I believe the correct behavior would be for that error to trigger SFNAE instead of preventing compilation. In any case, this solution isn't usable.

There are a few other problems with this approach. It requires us to know in advance the return value - for this use case, that's no problem, but for others it can be a dealbreaker. It also requires us to specific the cv-qualifiers on the method.

In compilers implementing partial C++11 support (specifically, decltype) a more robust solution is possible:

#define DEF_HAS_METHOD_1(x)          \
template <typename T, typename A>          \
struct has_##x##_method              \
{                    \
    typedef char (&yes_tag)[1];         \
    typedef char (&no_tag)[2];         \
    template <typename U>          \
    static yes_tag test(U&&, decltype(declval<U>().##x(declval<A>()))* dummy = 0);  \
    static no_tag test(...);         \
    static const bool value = sizeof(test(declval<T>())) == sizeof(yes_tag);        \
};
DEF_HAS_METHOD_1(find)

Note: if declval is available in your STL (it's missing in VC++2010), you'll want to add:

using std::declval;

Otherwise, add:

template <typename T>
static typename boost::add_rvalue_reference<T>::type declval();

This implementation has a few advantages over the earlier one. It's not necessary to specify the return type, or be extremely specific about the parameter types. If the actual method parameters are implicitly convertible from the type parameters to has_xxx_method, it will match.
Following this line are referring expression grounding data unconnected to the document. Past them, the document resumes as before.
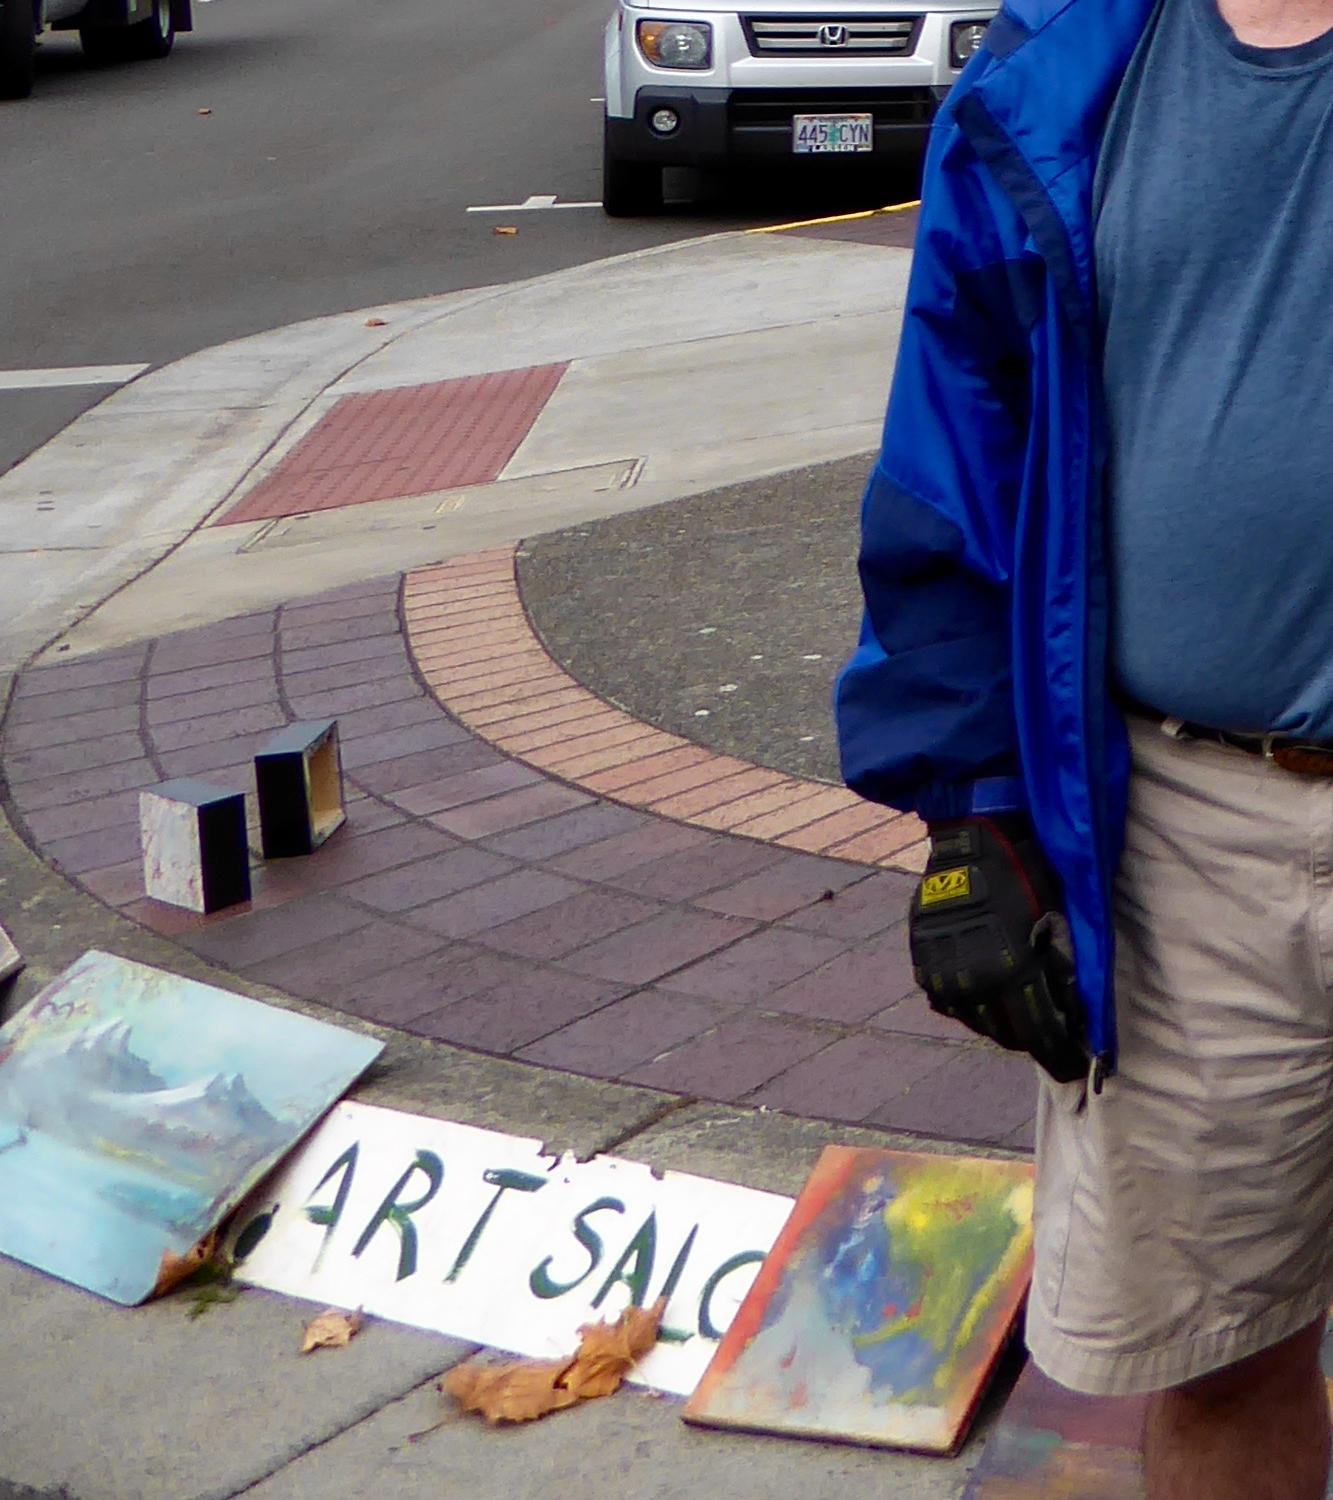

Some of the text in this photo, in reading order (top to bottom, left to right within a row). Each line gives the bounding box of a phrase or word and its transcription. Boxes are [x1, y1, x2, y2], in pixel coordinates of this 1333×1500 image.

[798, 124, 869, 144] 445 CYN
[303, 1141, 548, 1283] ART
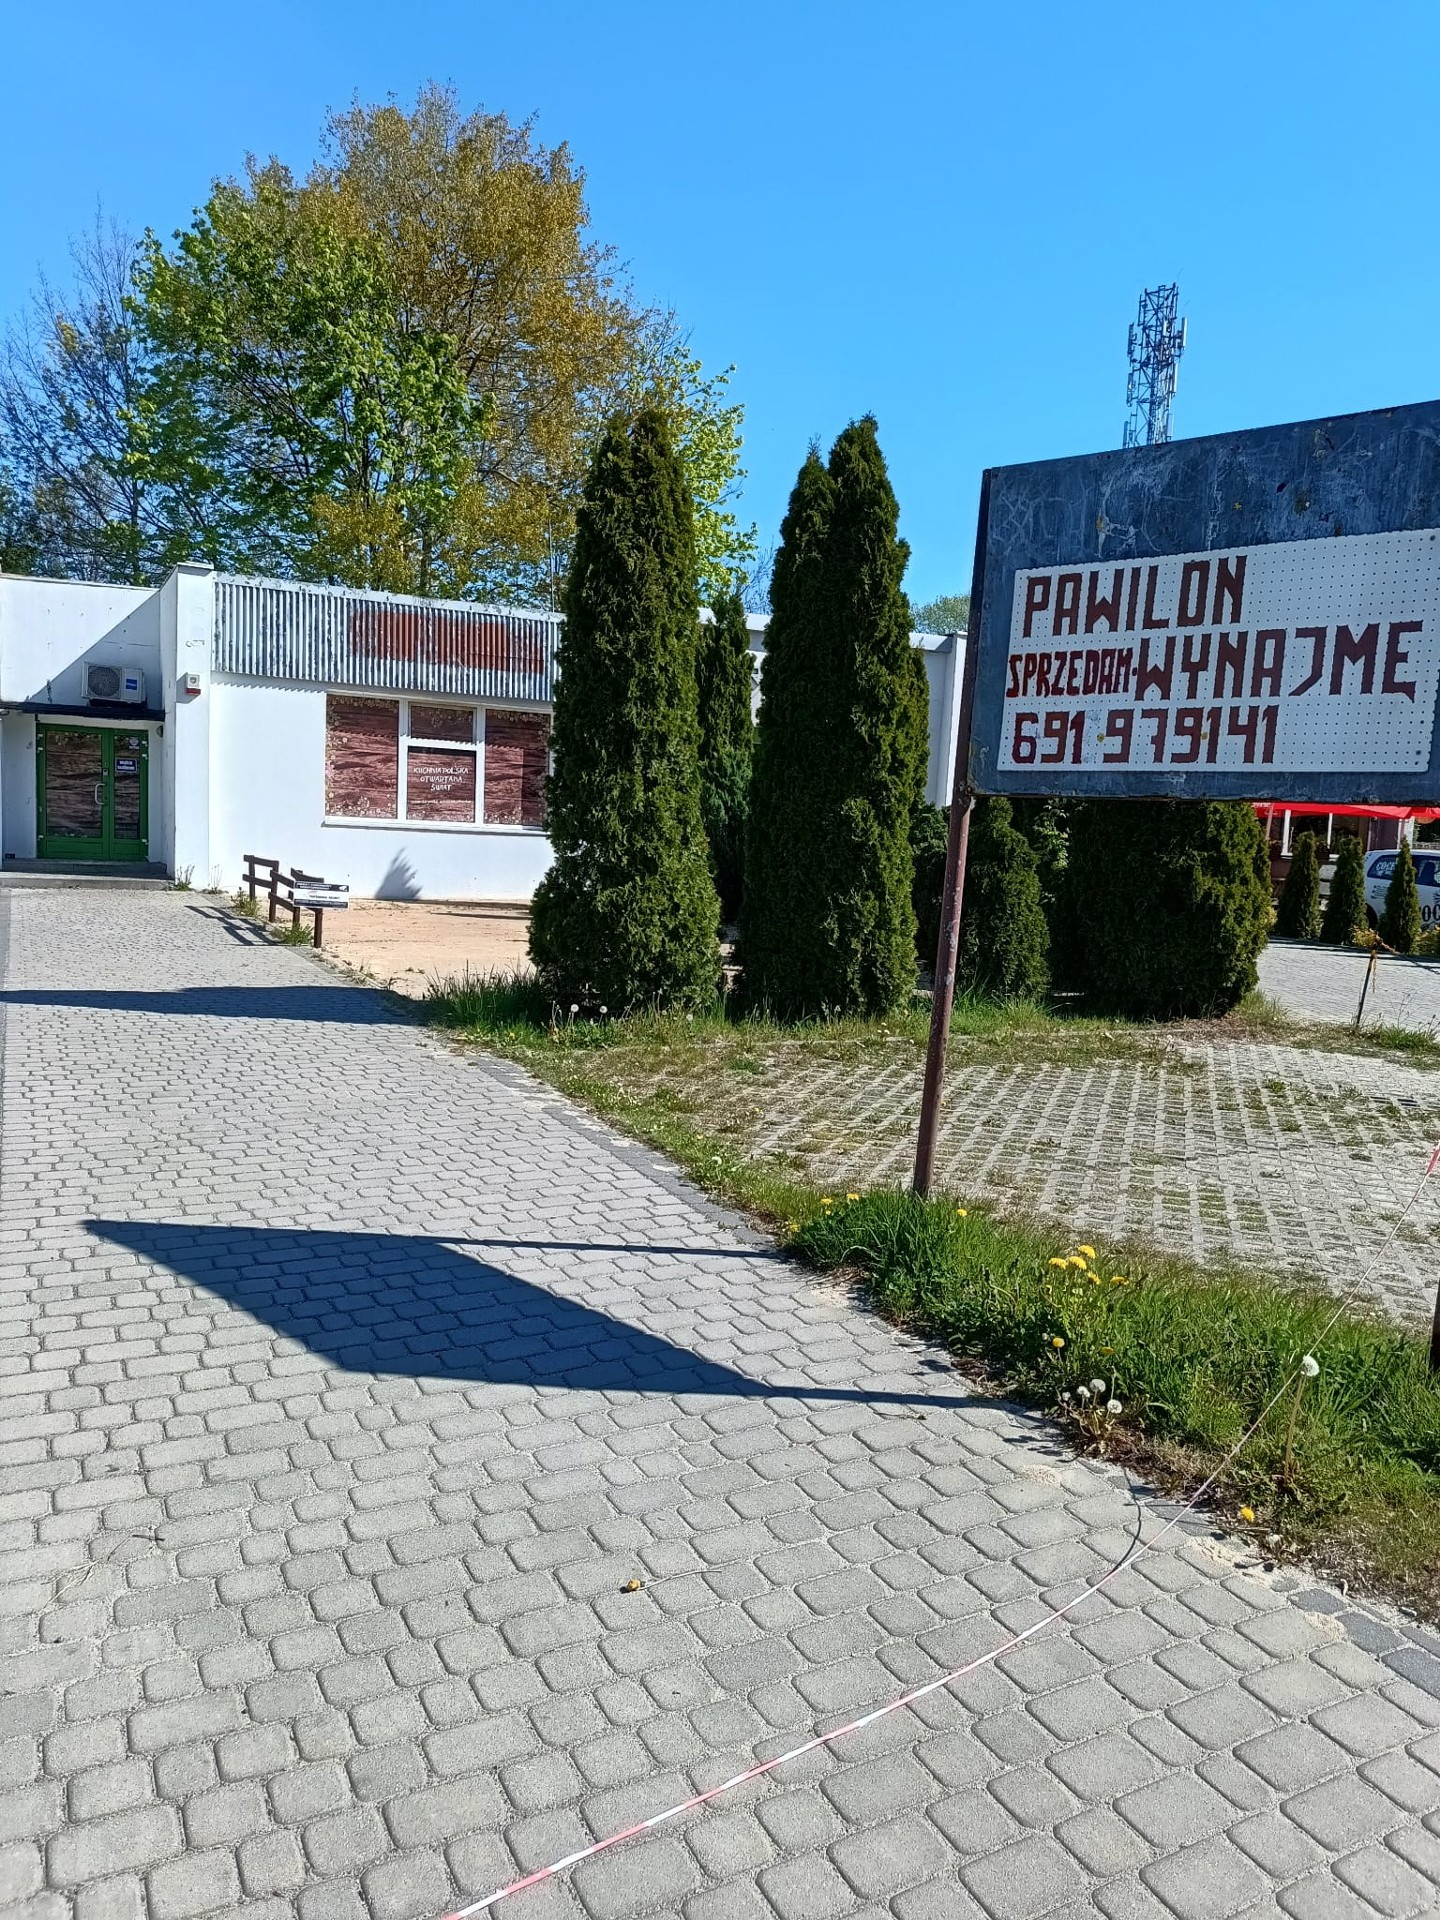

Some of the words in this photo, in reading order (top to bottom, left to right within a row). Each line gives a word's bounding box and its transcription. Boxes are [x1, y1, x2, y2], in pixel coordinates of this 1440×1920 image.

[1022, 555, 1248, 638] PAWILON
[1006, 647, 1133, 699] SPRZEDAM
[1012, 710, 1086, 765] 691
[1103, 704, 1280, 765] 979141
Armed with this implementation, we can now implement our specializations:

template <typename T, typename U>
typename boost::disable_if<has_find_method<T, const U&>, bool>::type
    exists(const T& collection, const U& value)
{
    std::cout << "Using global find" << std::endl;
    return std::find(collection.cbegin(), collection.cend(), value) != collection.cend();
}

template <typename T, typename U>
typename boost::enable_if<has_find_method<T, const U&>, bool>::type
    exists(const T& collection, const U& value)
{
    std::cout << "Using method find" << std::endl;
    return collection.find(value) != collection.cend();
}

Note that it's necessary to disable the first specialization when the find method is available, otherwise both specializations would be active and the call would be ambiguous for any type implementing a find() method.

Let's test it out:

int main()
{
    std::vector<int> a;
    exists(a, 0);
    std::list<int> b;
    exists(b, 0);
    std::map<int, int> c;
    exists(c, 0);
    std::multimap<int, int> d;
    exists(d, 0);
    return 0;
}

And the output:

Using global find
Using global find
Using method find
Using method find

The requirement to explicitly disable the global find specialization can quickly get out of hand if we have a lot of other specializations. One idiom for dealing with this is to wrap all of the requirements in a metafunction. Let's imagine we have three variants: one to use a find() method (which is the highest priority if available), another to use an at() method (second highest priority) and a third to use the global std::find function.

namespace detail
{
    template <typename T, typename A>
    struct use_find_method
    {
        static const bool value = has_find_method<T, A>::value;
    }
   
    template <typename T, typename A>
    struct use_at_method
    {
        static const bool value = !use_find_method<T, A>::value &&
                                   has_at_method<T, A>::value;
    }
   
    template <typename T, typename A>
    struct use_global_find
    {
        static const bool value = !use_find_method<T, A>::value &&
                                  !use_at_method<T, A>::value;
    };
}

We can then implement the functions as follows:

template <typename T, typename U>
auto exists(const T& collection, const U& key)
    -> typename boost::enable_if<detail::use_find_method<T, U>, bool>::type
{
    // ...
}

template <typename T, typename U>
auto exists(const T& collection, const U& key)
    -> typename boost::enable_if<detail::use_at_method<T, U>, bool>::type
{
    // ...
}

template <typename T, typename U>
auto exists(const T& collection, const U& key)
    -> typename boost::enable_if<detail::use_global_find<T, U>, bool>::type
{
    // ...
}

Although it doesn't come close to the full power that concepts would have provided, it's still a useful idiom for dealing with multiple specializations which must be selected based on the interface provided by a type.